- _GIVEN DATA_
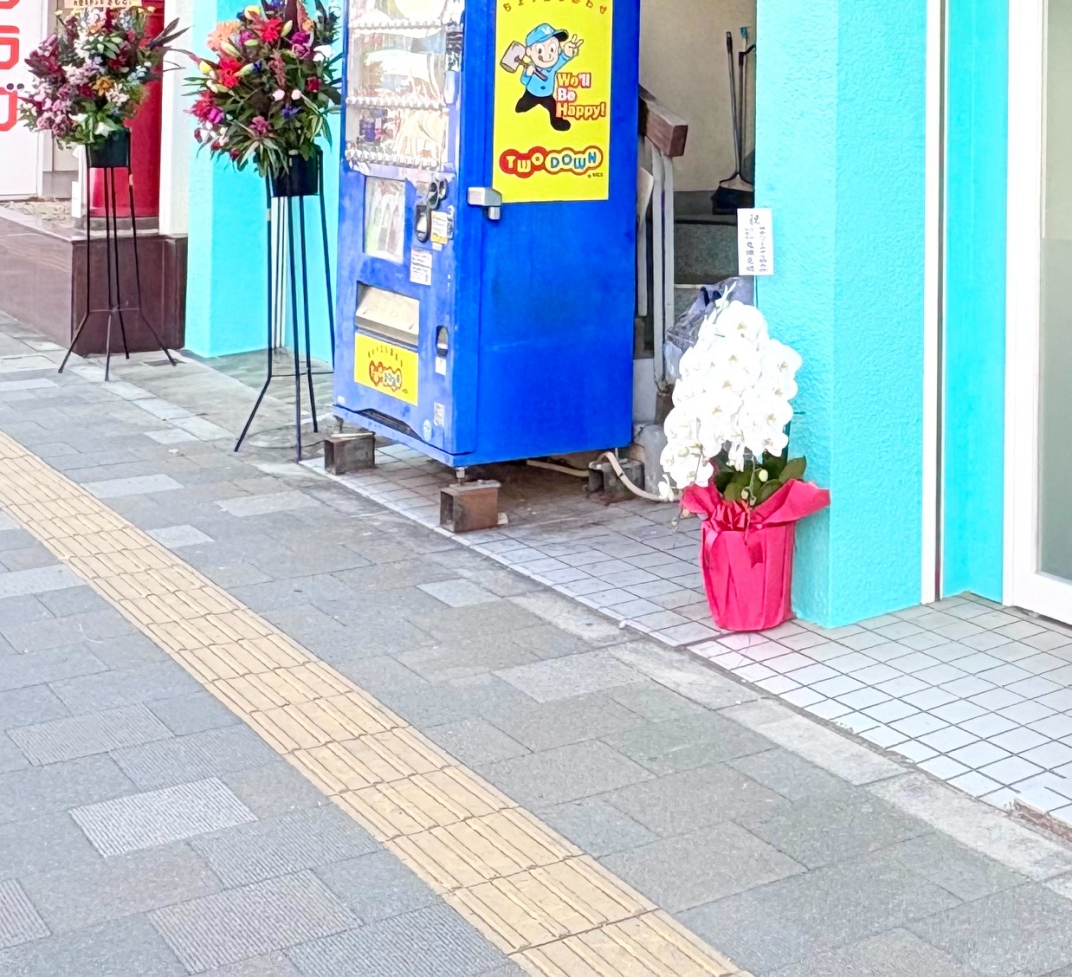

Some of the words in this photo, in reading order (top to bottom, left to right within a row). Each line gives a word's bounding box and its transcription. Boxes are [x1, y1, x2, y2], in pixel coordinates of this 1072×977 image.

[556, 102, 606, 120] Happy!
[505, 152, 545, 173] TWO
[550, 151, 598, 170] DOWN
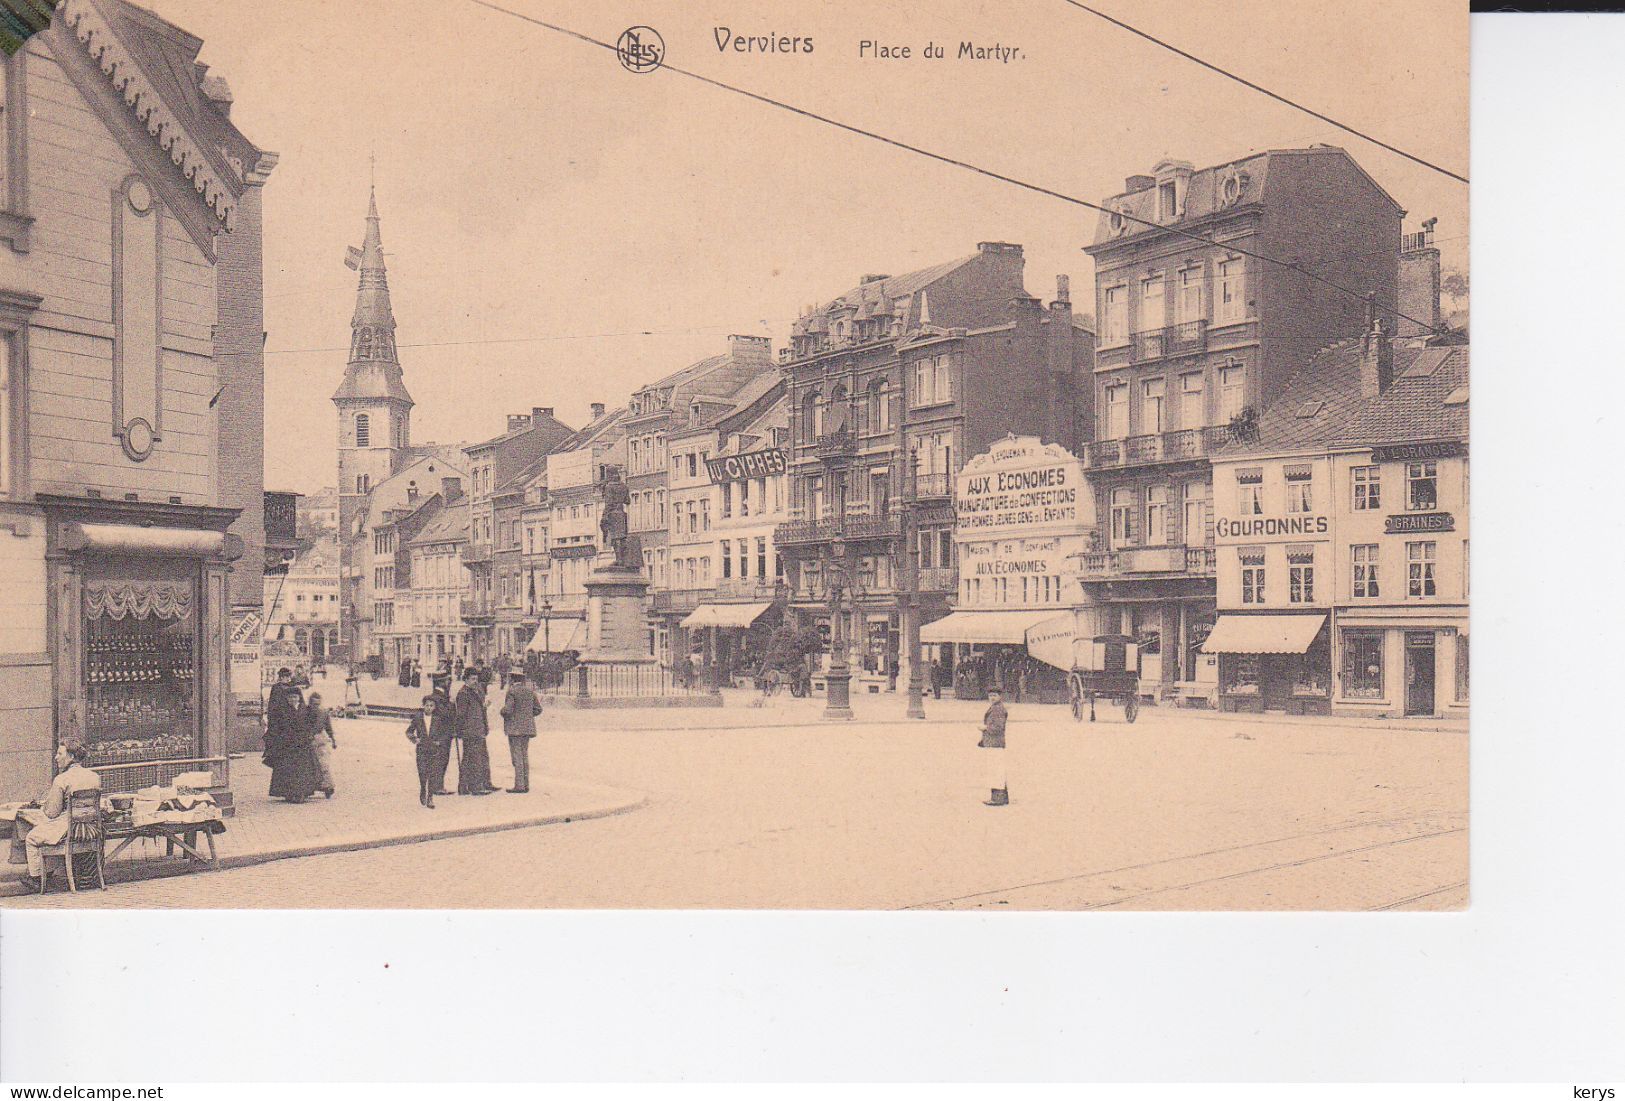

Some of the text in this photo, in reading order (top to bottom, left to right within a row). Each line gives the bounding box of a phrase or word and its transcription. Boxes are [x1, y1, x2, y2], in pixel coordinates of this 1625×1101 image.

[967, 476, 991, 496] AUX
[959, 495, 1009, 513] MANUFACTURE
[1019, 488, 1076, 508] CONFECTIONS
[958, 516, 971, 529] POUR
[1044, 507, 1076, 522] ENFANTS
[1216, 516, 1328, 538] COURONNES
[1395, 515, 1442, 529] GRAINES
[1004, 545, 1013, 554] DE
[976, 562, 994, 575] AUX

- _WHAT TO PRODUCE_
Wherever a picture appears in the records, omit it, and transcribe everything else exactly.

- _RESPONSE AREA_
Some of the words in this photo, in reading order (top to bottom, left to right within a row). Each line gives a word's bounding box and its transcription. Boxes are [x1, y1, x2, y2], in pixel coordinates of this 1072×977 image.

[556, 102, 606, 120] Happy!
[505, 152, 545, 173] TWO
[550, 151, 598, 170] DOWN

Some of the text in this photo, in reading order (top to bottom, left to right within a row). Each line gives the bounding box of a phrase or word and its transcription. Boxes are [x1, y1, x2, y2], in pixel coordinates of this 1625×1101 image.

[967, 476, 991, 496] AUX
[959, 495, 1009, 513] MANUFACTURE
[1019, 488, 1076, 508] CONFECTIONS
[958, 516, 971, 529] POUR
[1044, 507, 1076, 522] ENFANTS
[1216, 516, 1328, 538] COURONNES
[1395, 515, 1442, 529] GRAINES
[1004, 545, 1013, 554] DE
[976, 562, 994, 575] AUX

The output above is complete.